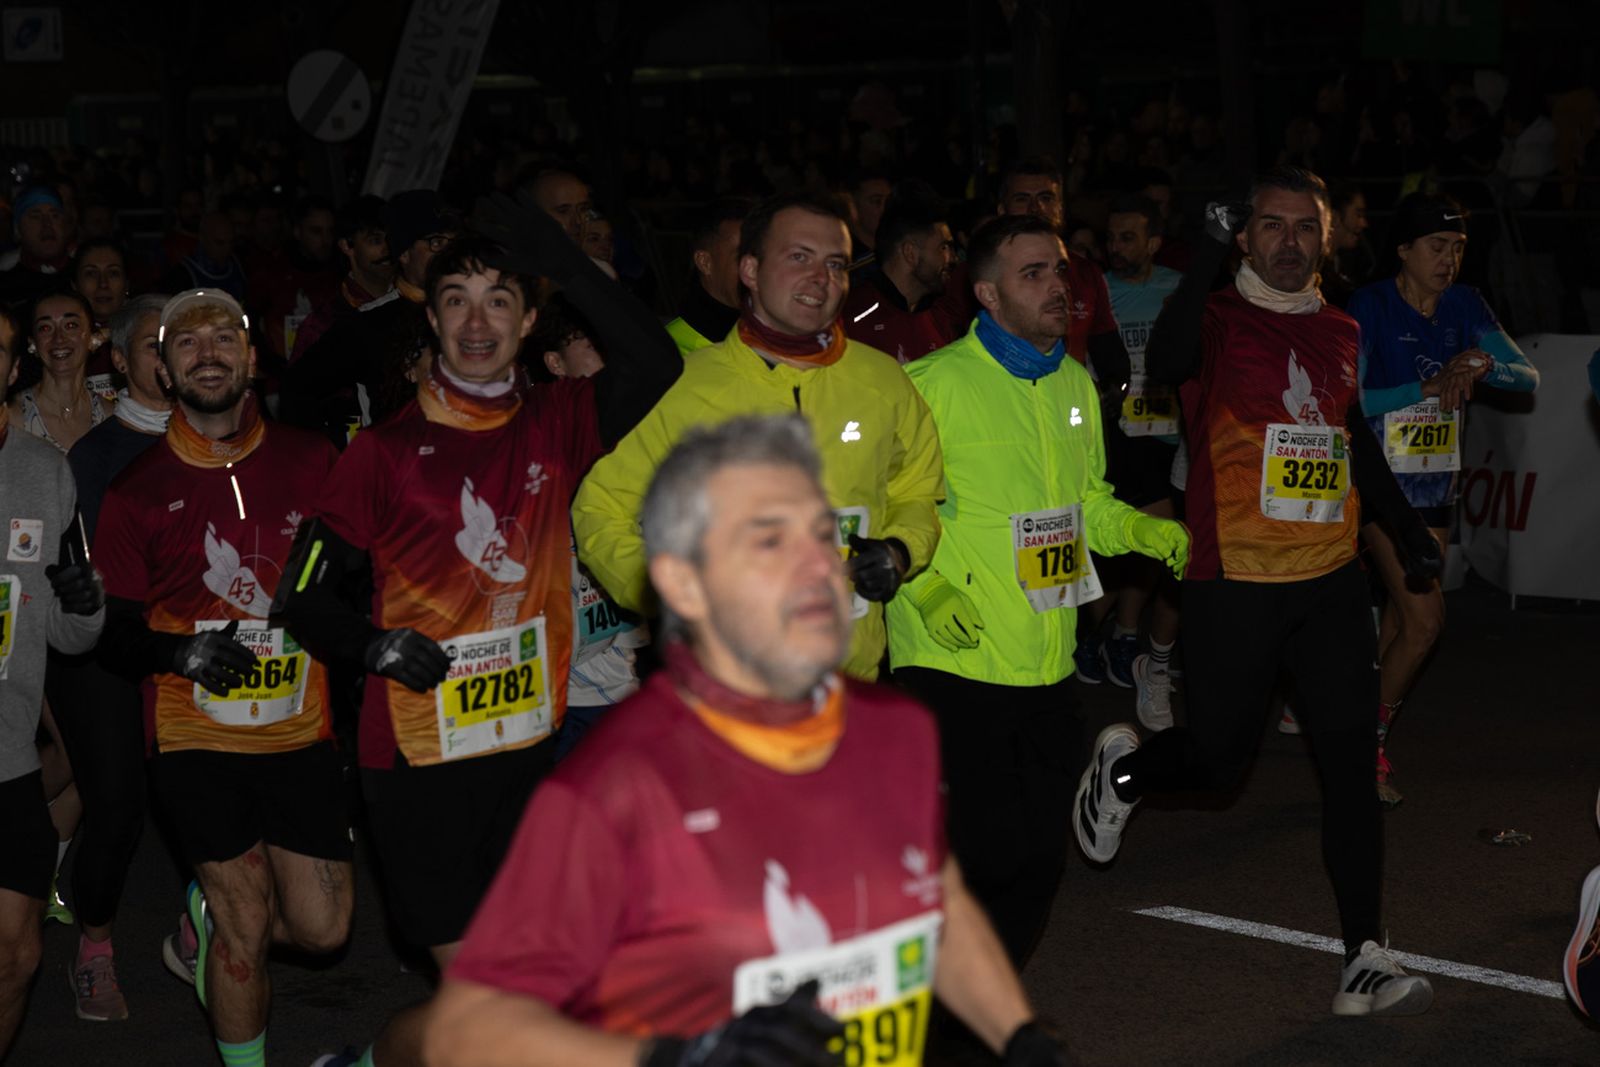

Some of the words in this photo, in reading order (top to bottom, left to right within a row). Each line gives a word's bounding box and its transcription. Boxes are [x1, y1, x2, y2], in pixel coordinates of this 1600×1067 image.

[1290, 436, 1317, 447] NOCHE
[1318, 437, 1328, 447] DE
[1399, 424, 1449, 447] 12617
[1276, 446, 1297, 457] SAN
[1282, 460, 1339, 490] 3232
[1463, 449, 1537, 531] ÓN
[1035, 519, 1063, 533] NOCHE
[1024, 535, 1044, 548] SAN
[228, 577, 256, 605] 43
[233, 632, 259, 644] OCHE
[260, 633, 273, 643] DE
[246, 643, 273, 657] TÓN
[460, 644, 498, 661] NOCHE
[500, 641, 512, 655] DE
[242, 657, 298, 689] 664
[447, 663, 474, 679] SAN
[456, 665, 535, 714] 12782
[842, 1001, 919, 1067] 897
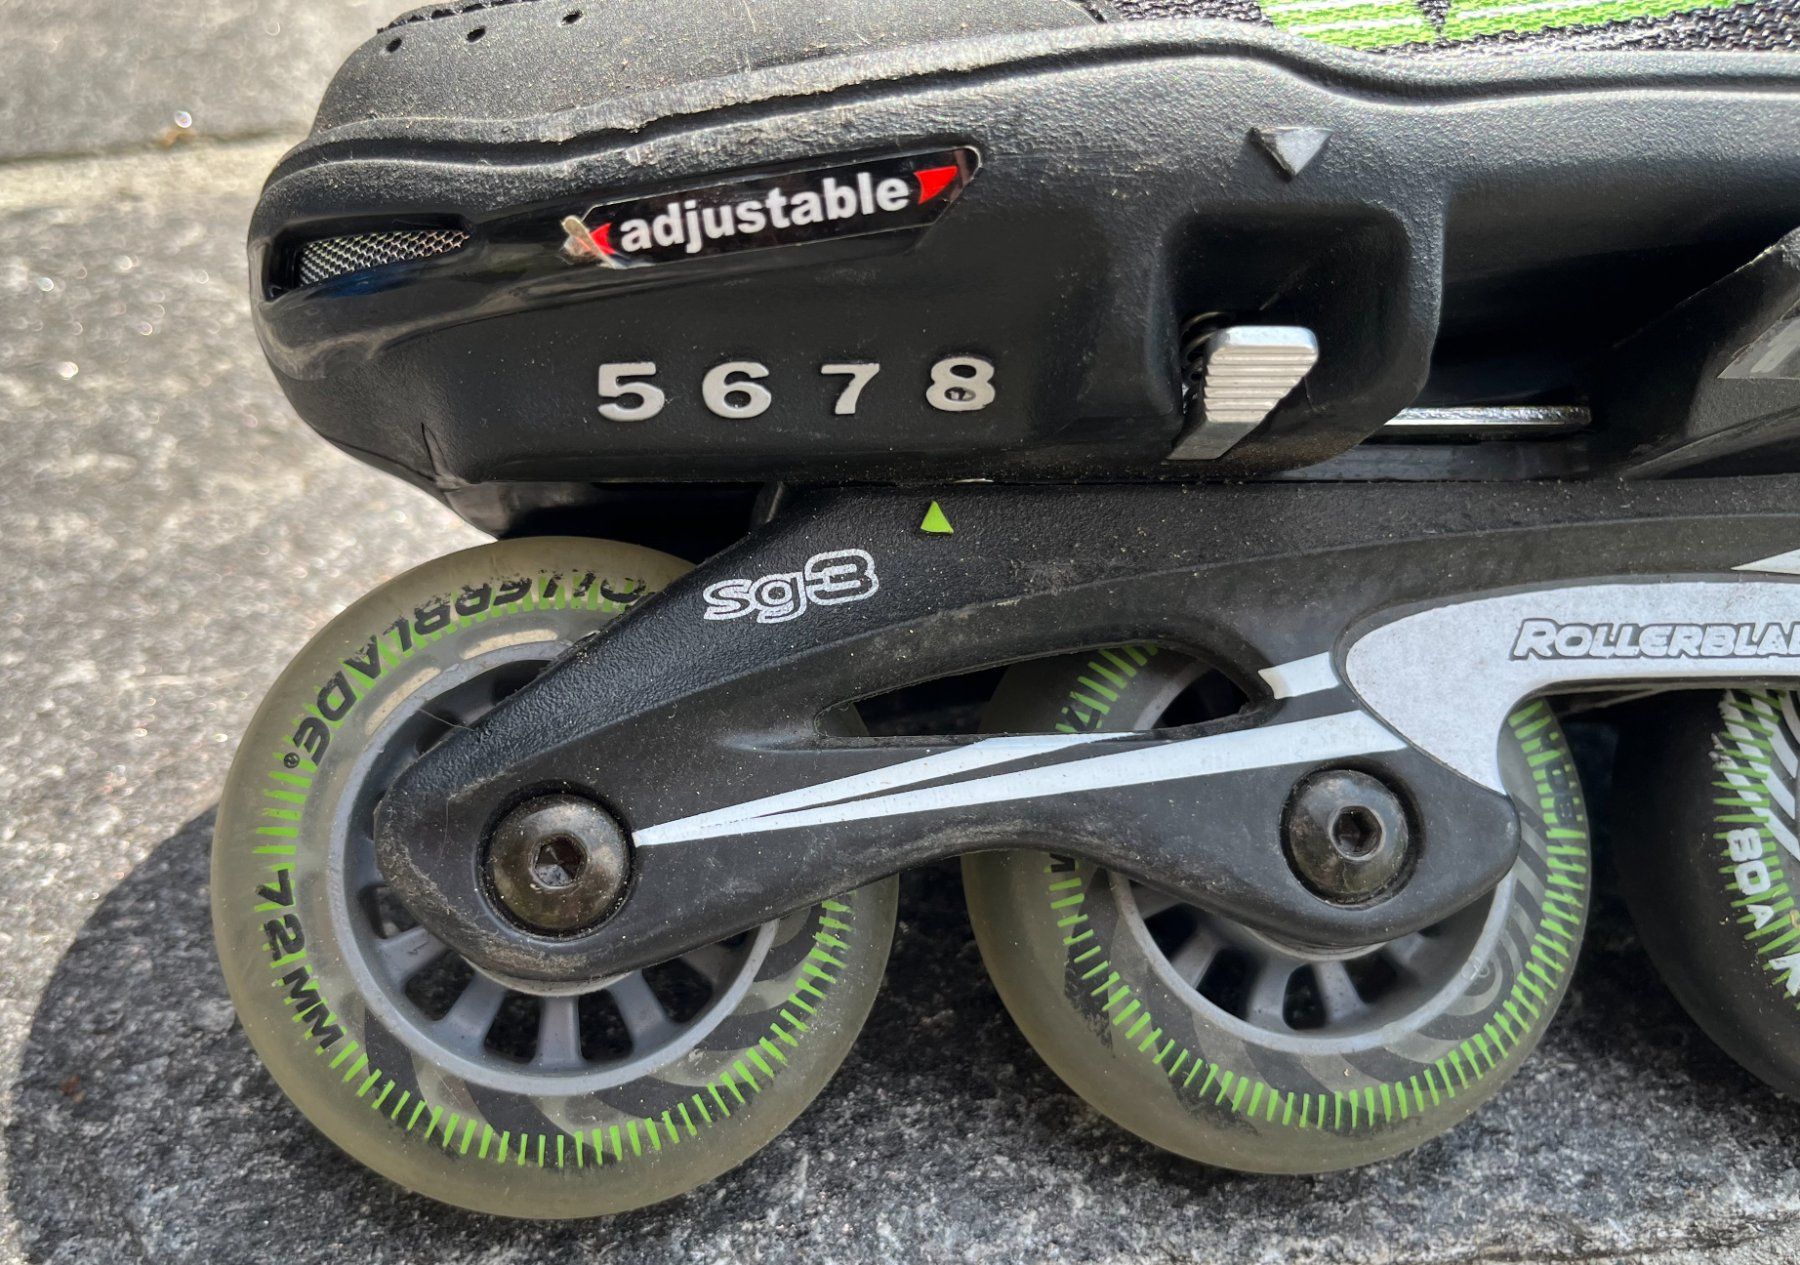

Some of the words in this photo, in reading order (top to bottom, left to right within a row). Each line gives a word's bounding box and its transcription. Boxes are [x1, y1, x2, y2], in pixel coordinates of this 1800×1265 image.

[620, 171, 912, 254] adjustable
[597, 361, 666, 422] 5
[702, 361, 772, 419] 6
[820, 362, 881, 415] 7
[926, 356, 996, 412] 8
[702, 548, 880, 624] sg3
[1726, 827, 1775, 930] 80A
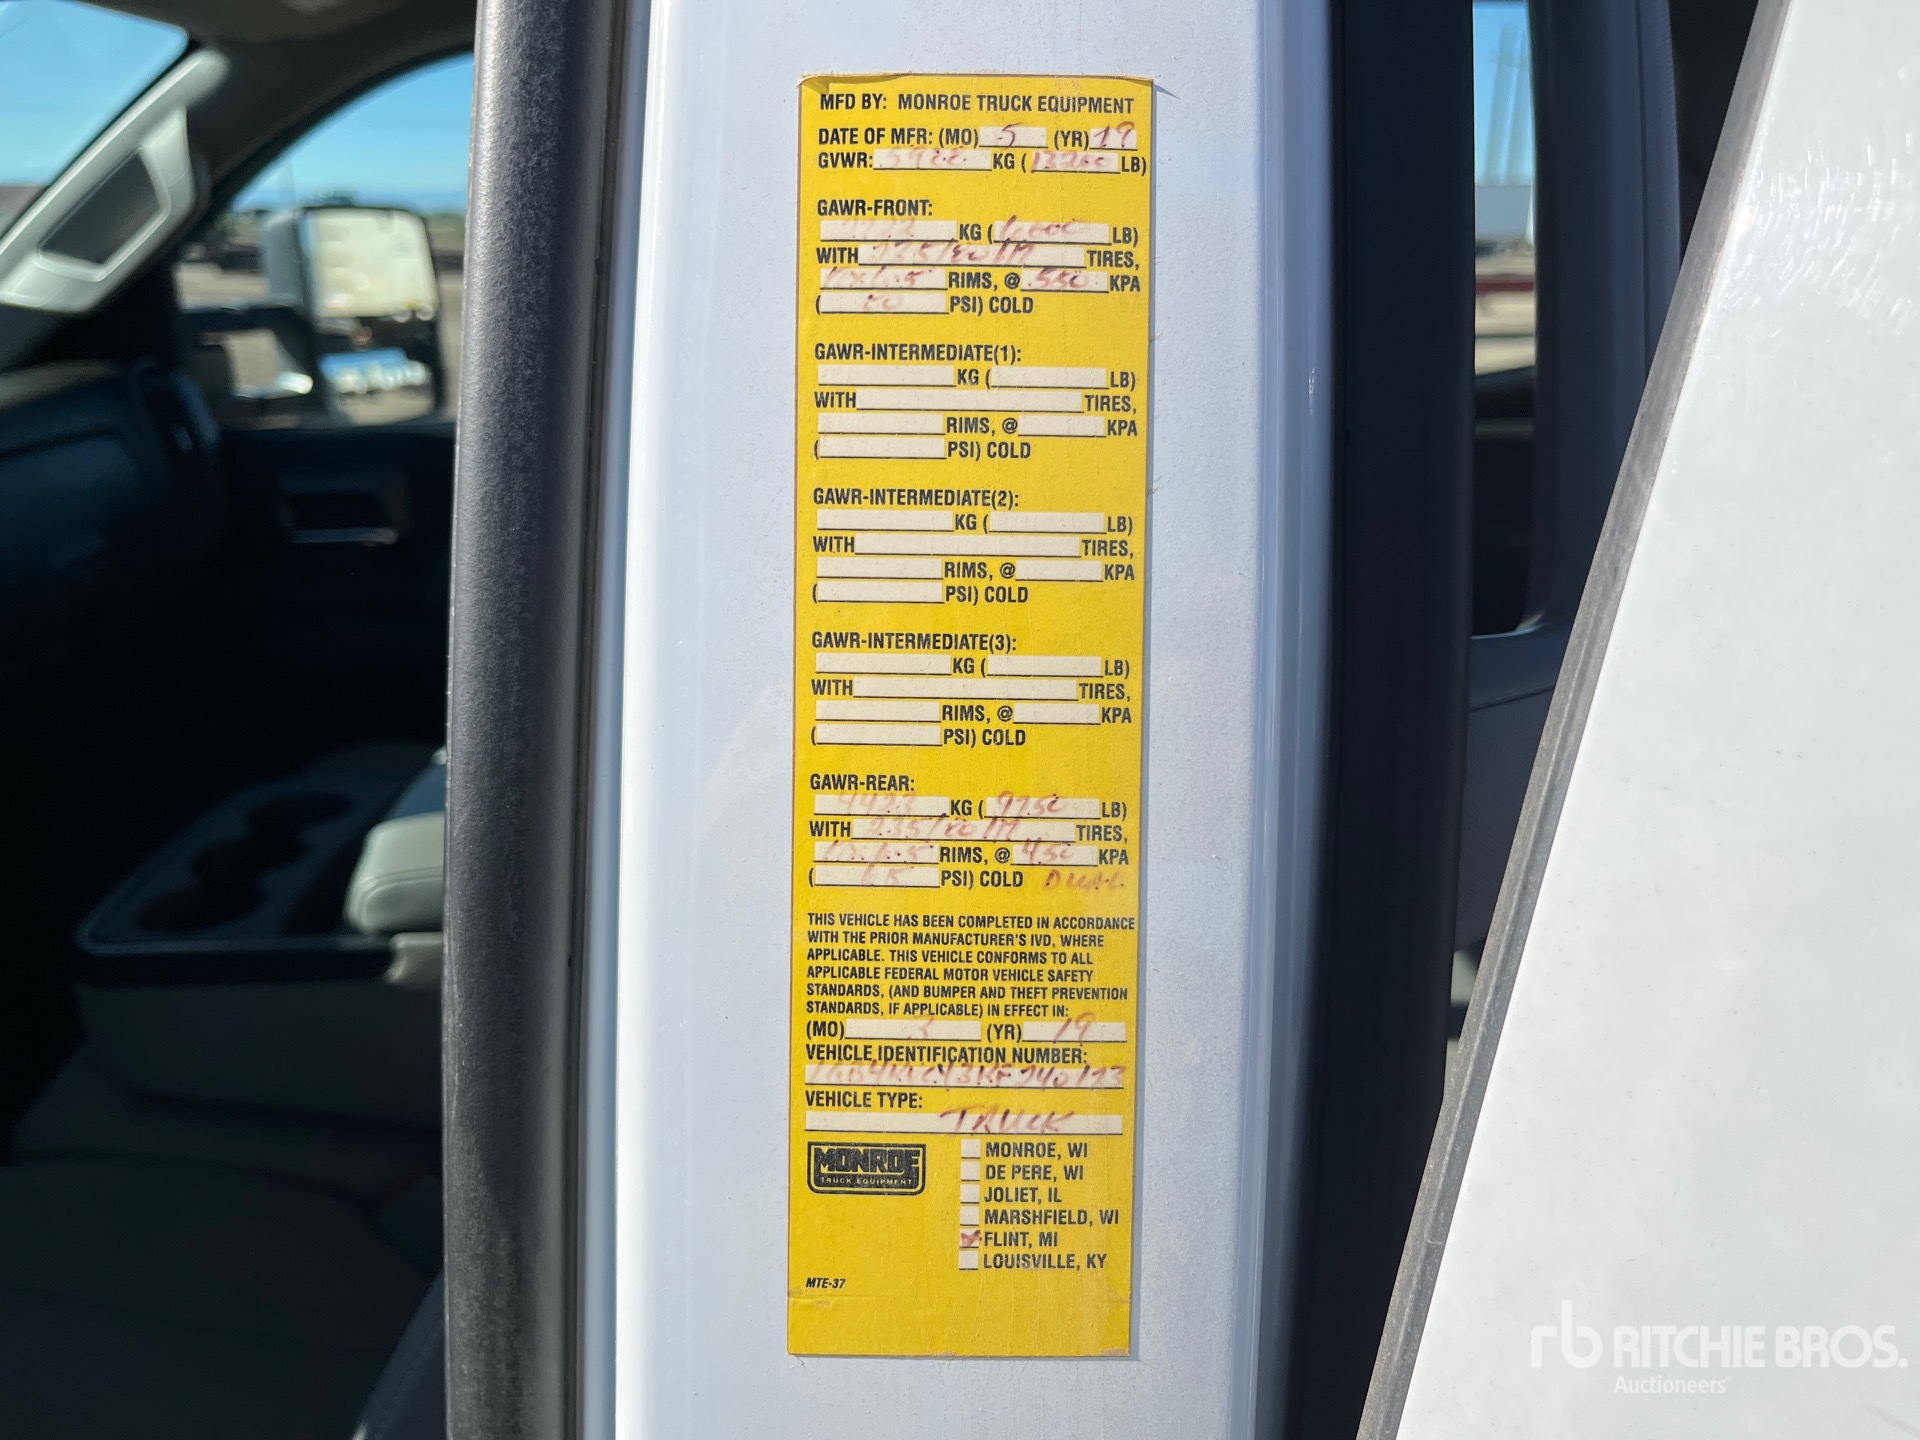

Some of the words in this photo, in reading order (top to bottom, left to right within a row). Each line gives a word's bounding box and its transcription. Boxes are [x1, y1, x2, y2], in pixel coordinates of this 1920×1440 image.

[820, 94, 855, 110] MFD
[861, 94, 887, 110] BY:
[898, 94, 970, 111] MONROE
[977, 95, 1032, 111] TRUCK
[1038, 96, 1134, 113] EQUIPMENT
[819, 128, 859, 145] DATE
[865, 128, 885, 145] OF
[891, 128, 932, 145] MFR:
[939, 128, 978, 148] (MO)
[996, 124, 1023, 148] 5
[1054, 129, 1089, 150] (YR)
[1094, 121, 1135, 148] 19
[819, 153, 873, 169] GVWR:
[993, 153, 1015, 169] KG
[1121, 154, 1146, 175] LB)
[818, 200, 932, 216] GAWR-FRONT:
[960, 224, 981, 240] KG
[1113, 227, 1138, 247] LB)
[817, 248, 858, 264] WITH
[1087, 251, 1140, 270] TIRES,
[949, 273, 998, 291] RIMS,
[1004, 273, 1020, 289] @
[1110, 276, 1140, 292] KPA
[950, 297, 983, 315] PSI)
[989, 297, 1033, 313] COLD
[815, 344, 1021, 363] GAWR-INTERMEDIATE(1):
[958, 370, 979, 386] KG
[1110, 372, 1135, 391] LB)
[815, 392, 856, 408] WITH
[1085, 395, 1136, 415] TIRES,
[947, 418, 995, 436] RIMS,
[1002, 418, 1018, 434] @
[1107, 421, 1137, 436] KPA
[948, 442, 981, 461] PSI)
[987, 442, 1031, 458] COLD
[814, 489, 1019, 508] GAWR-INTERMEDIATE(2):
[955, 514, 977, 530] KG
[1107, 516, 1132, 535] LB)
[813, 536, 854, 552] WITH
[1082, 540, 1134, 559] TIRES,
[944, 562, 993, 581] RIMS,
[1000, 563, 1015, 578] @
[1104, 565, 1134, 580] KPA
[946, 587, 978, 606] PSI)
[985, 587, 1028, 603] COLD
[812, 632, 1016, 653] GAWR-INTERMEDIATE(3):
[953, 658, 974, 674] KG
[1104, 660, 1130, 679] LB)
[812, 680, 853, 696] WITH
[1079, 684, 1131, 703] TIRES,
[942, 706, 990, 725] RIMS,
[998, 706, 1013, 722] @
[1102, 708, 1132, 724] KPA
[944, 730, 976, 749] PSI)
[982, 730, 1026, 746] COLD
[811, 775, 914, 791] GAWR-REAR:
[951, 800, 972, 816] KG
[1102, 802, 1127, 822] LB)
[810, 822, 851, 838] WITH
[1076, 826, 1127, 844] TIRES,
[940, 847, 988, 866] RIMS,
[995, 848, 1010, 863] @
[1099, 850, 1129, 865] KPA
[941, 871, 974, 890] PSI)
[980, 872, 1023, 887] COLD
[808, 913, 835, 926] THIS
[841, 914, 889, 927] VEHICLE
[894, 915, 918, 927] HAS
[923, 915, 954, 928] BEEN
[959, 916, 1032, 929] COMPLETED
[1037, 917, 1049, 929] IN
[1053, 917, 1135, 930] ACCORDANCE
[807, 931, 838, 943] WITH
[844, 931, 866, 944] THE
[870, 932, 907, 944] PRIOR
[1031, 934, 1055, 948] IVD,
[1061, 934, 1104, 947] WHERE
[807, 949, 885, 962] APPLICABLE.
[890, 950, 917, 962] THIS
[922, 950, 972, 963] VEHICLE
[977, 951, 1047, 964] CONFORMS
[1052, 952, 1066, 964] TO
[1071, 952, 1093, 965] ALL
[807, 967, 880, 980] APPLICABLE
[885, 968, 939, 980] FEDERAL
[944, 968, 988, 981] MOTOR
[993, 969, 1044, 982] VEHICLE
[1048, 969, 1094, 982] SAFETY
[807, 984, 884, 999] STANDARDS,
[889, 985, 919, 999] (AND
[924, 986, 976, 998] BUMPER
[981, 986, 1006, 999] AND
[1011, 987, 1047, 999] THEFT
[1052, 987, 1127, 1000] PREVENTION
[807, 1002, 884, 1016] STANDARDS,
[889, 1002, 899, 1015] IF
[904, 1003, 982, 1017] APPLICABLE)
[988, 1004, 999, 1016] IN
[1004, 1004, 1047, 1016] EFFECT
[1053, 1005, 1068, 1017] IN:
[807, 1020, 845, 1041] (MO)
[987, 1022, 1022, 1043] (YR)
[1053, 1010, 1095, 1045] 19
[806, 1045, 873, 1061] VEHICLE
[878, 1047, 1006, 1063] IDENTIFICATION
[1012, 1048, 1087, 1064] NUMBER:
[806, 1092, 871, 1107] VEHICLE
[878, 1093, 923, 1108] TYPE:
[940, 1104, 1074, 1133] TRUCK
[815, 1146, 920, 1175] MONROE
[986, 1142, 1061, 1160] MONROE,
[1068, 1144, 1087, 1159] WI
[857, 1178, 912, 1186] EQUIPMENT
[986, 1165, 1006, 1179] DE
[1012, 1165, 1058, 1182] PERE,
[1064, 1166, 1083, 1181] WI
[984, 1187, 1041, 1204] JOLIET,
[1048, 1188, 1061, 1203] IL
[985, 1209, 1093, 1227] MARSHFIELD,
[1099, 1210, 1119, 1224] WI
[985, 1232, 1032, 1249] FLINT,
[1039, 1232, 1058, 1247] MI
[984, 1254, 1080, 1270] LOUISVILLE,
[1087, 1254, 1106, 1269] KY
[806, 1278, 845, 1289] MTE-37

== == ==

Instructions for the task » Search the data above and return each line in which "TIRES" occurs.

Completed exercise »
[1087, 251, 1140, 270] TIRES,
[1085, 395, 1136, 415] TIRES,
[1082, 540, 1134, 559] TIRES,
[1079, 684, 1131, 703] TIRES,
[1076, 826, 1127, 844] TIRES,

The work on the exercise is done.